= Enhanced Combat Helmet (Australia) =

Standard issue combat helmet of the Australian Defence Force

The Enhanced Combat Helmet (ECH) was the standard issue combat helmet of the Australian Defence Force, introduced in 2004 to replace the M91 helmet, an Australian version of the American PASGT helmet, it was replaced by the Team Wendy EXFIL Ballistic helmet from 2015

==Design==
The ECH is manufactured by Israeli company Rabintex, and was selected in a competition between four rival designs. It is the same shape as the U.S. MICH 2000 helmet, but is lighter in weight and has a Bundeswehr M92 helmet-style padded headband/crown pad suspension system. It retains the 3-point chin strap that was used on the previous Australian M91 PASGT helmet.

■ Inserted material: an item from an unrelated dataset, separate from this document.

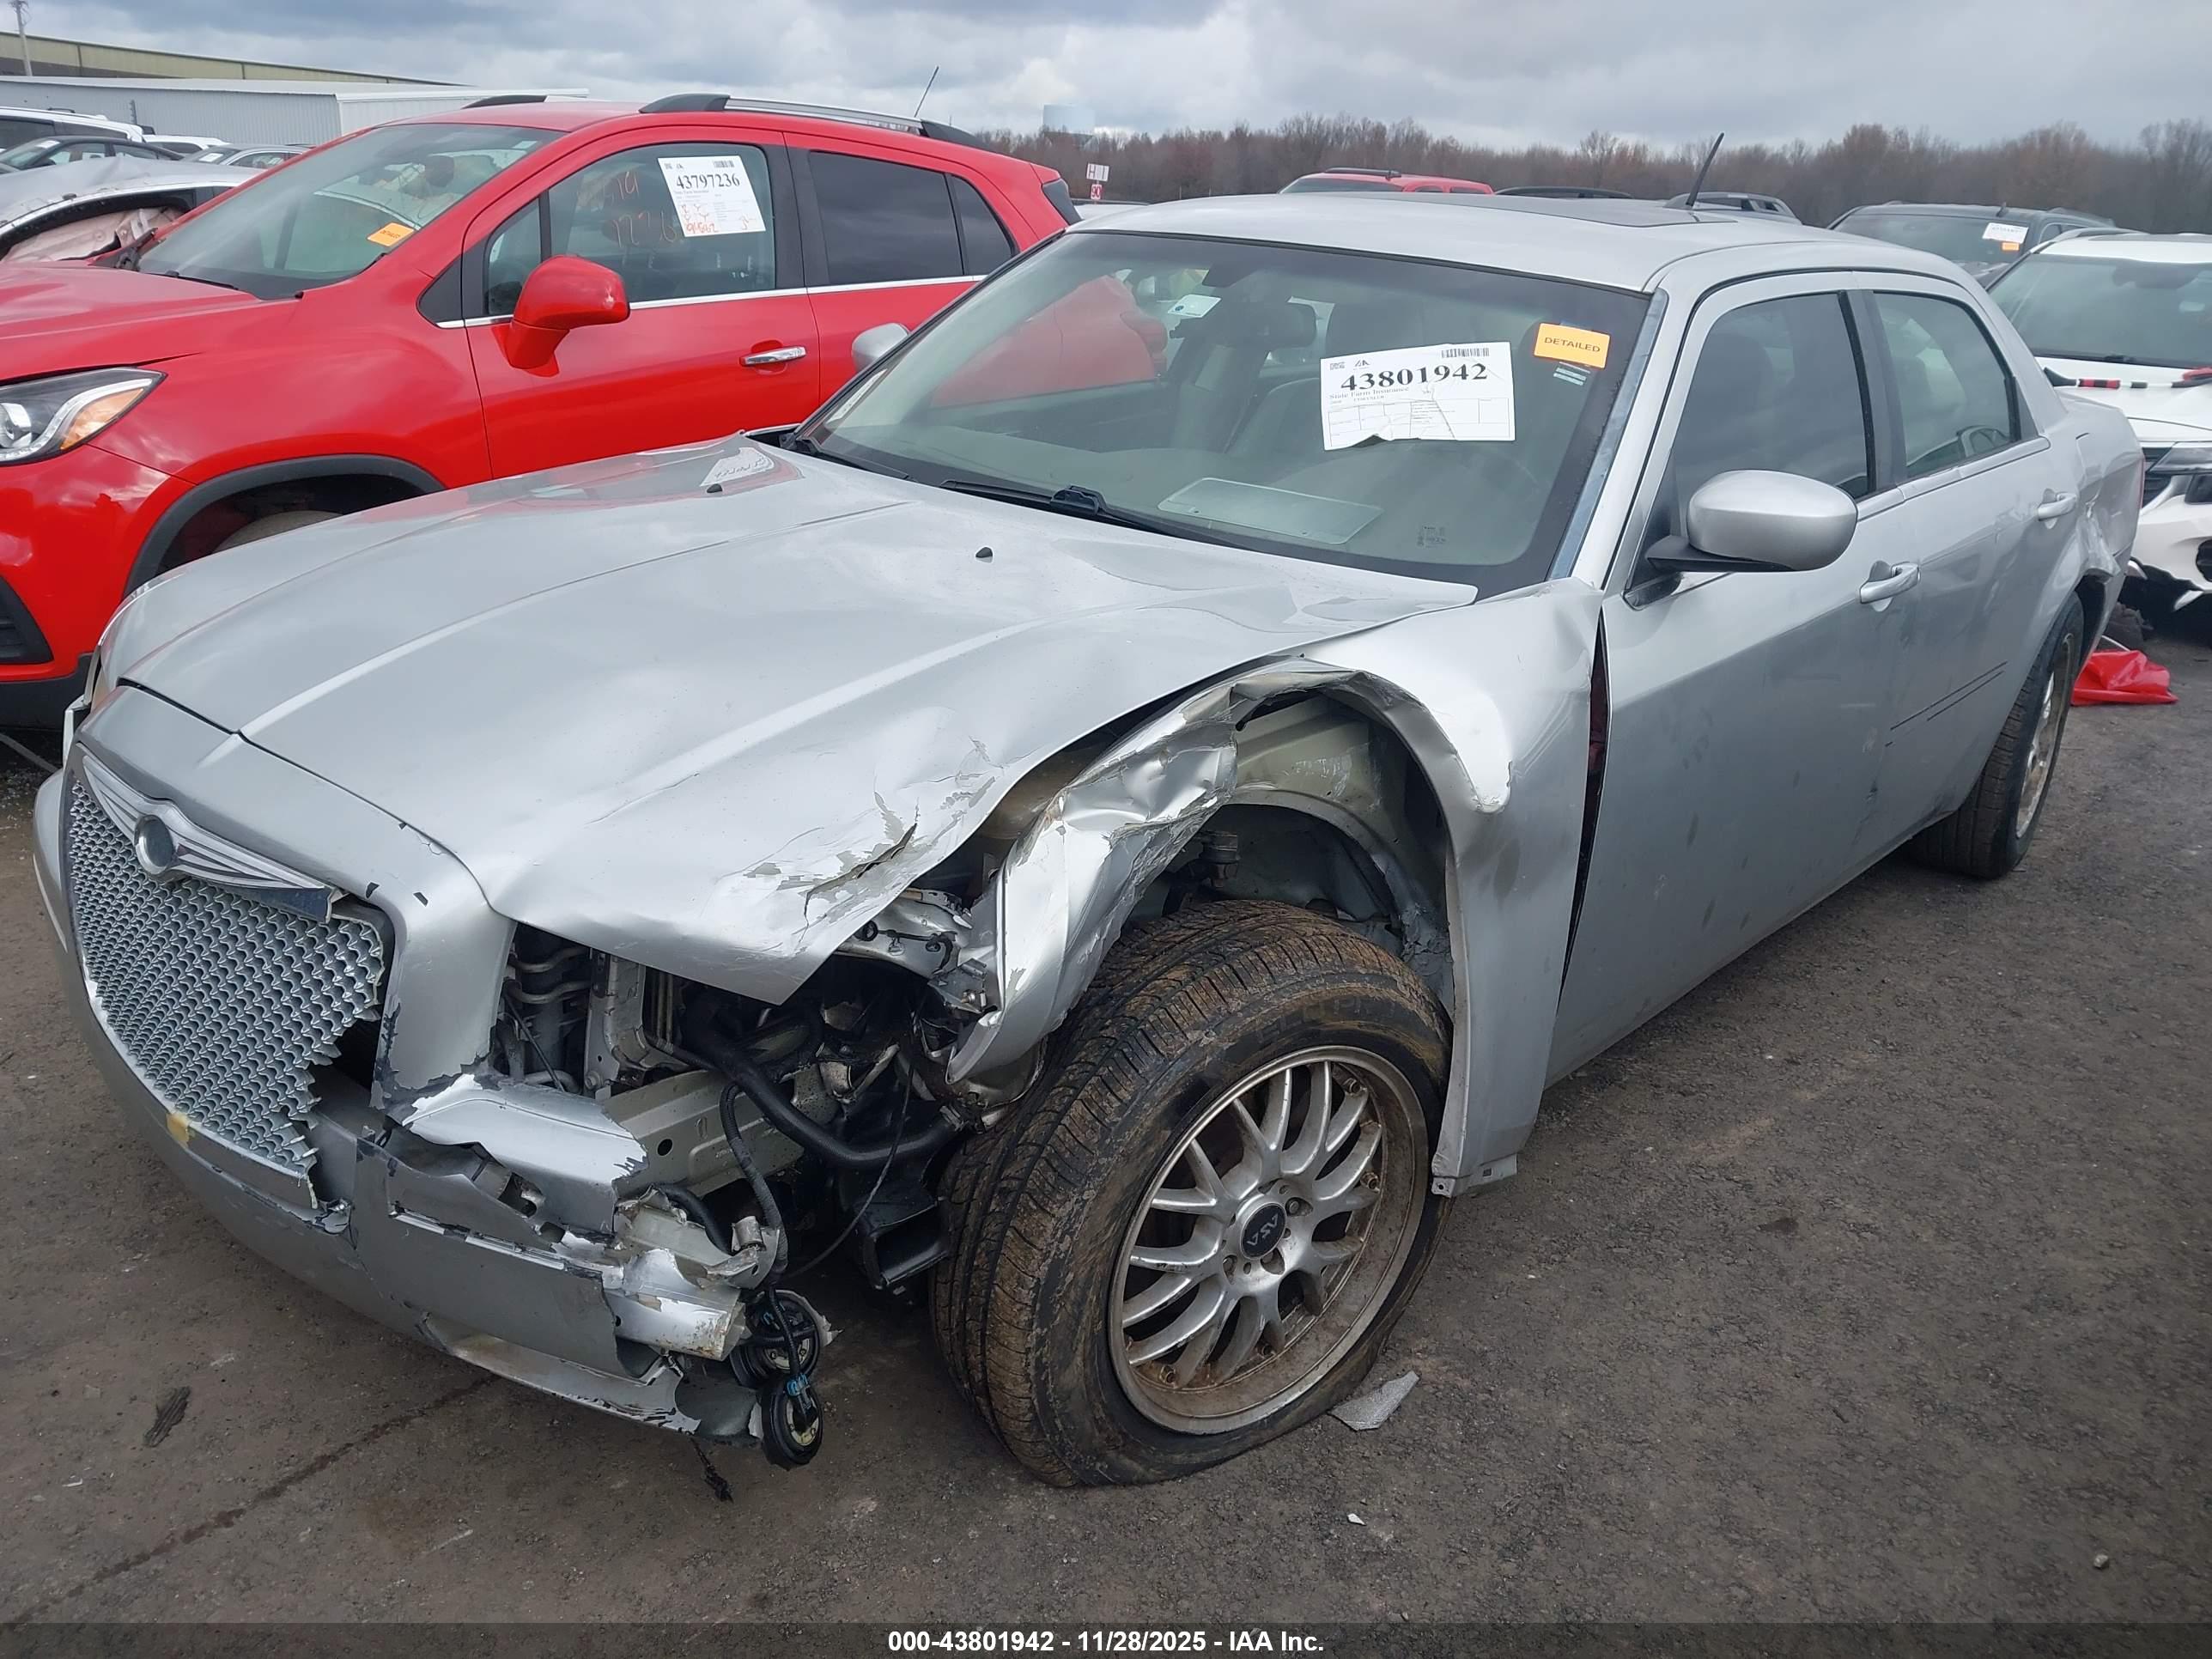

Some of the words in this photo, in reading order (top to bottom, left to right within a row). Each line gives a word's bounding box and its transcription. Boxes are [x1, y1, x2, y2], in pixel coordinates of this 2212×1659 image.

[677, 173, 740, 190] 43797236
[1544, 337, 1601, 352] DETAILED
[1340, 363, 1488, 391] 43801942

The ECH has four sizes (Small, Medium, Large and Extra Large). It was also in service with the New Zealand Defence Force from 2009 to 2019. Its Rabintex model number is RBH 303 AU.

== Users ==
- Australia: used by all branches of Australian Defence Force (replaced by the Team Wendy EXFIL Ballistic helmet as Tiered Combat Helmet.) and Specialist Response Group of the Australian Federal Police
- Ireland: used by Irish Defence Force.
- Netherlands: used by several branches of Netherlands military, and Brigade Speciale Beveiligingsopdrachten Police tactical unit.
- New Zealand: used by all branches of New Zealand Defence Force and Special Tactics Group of the New Zealand Police from 2009. Replaced by NZDF in 2019.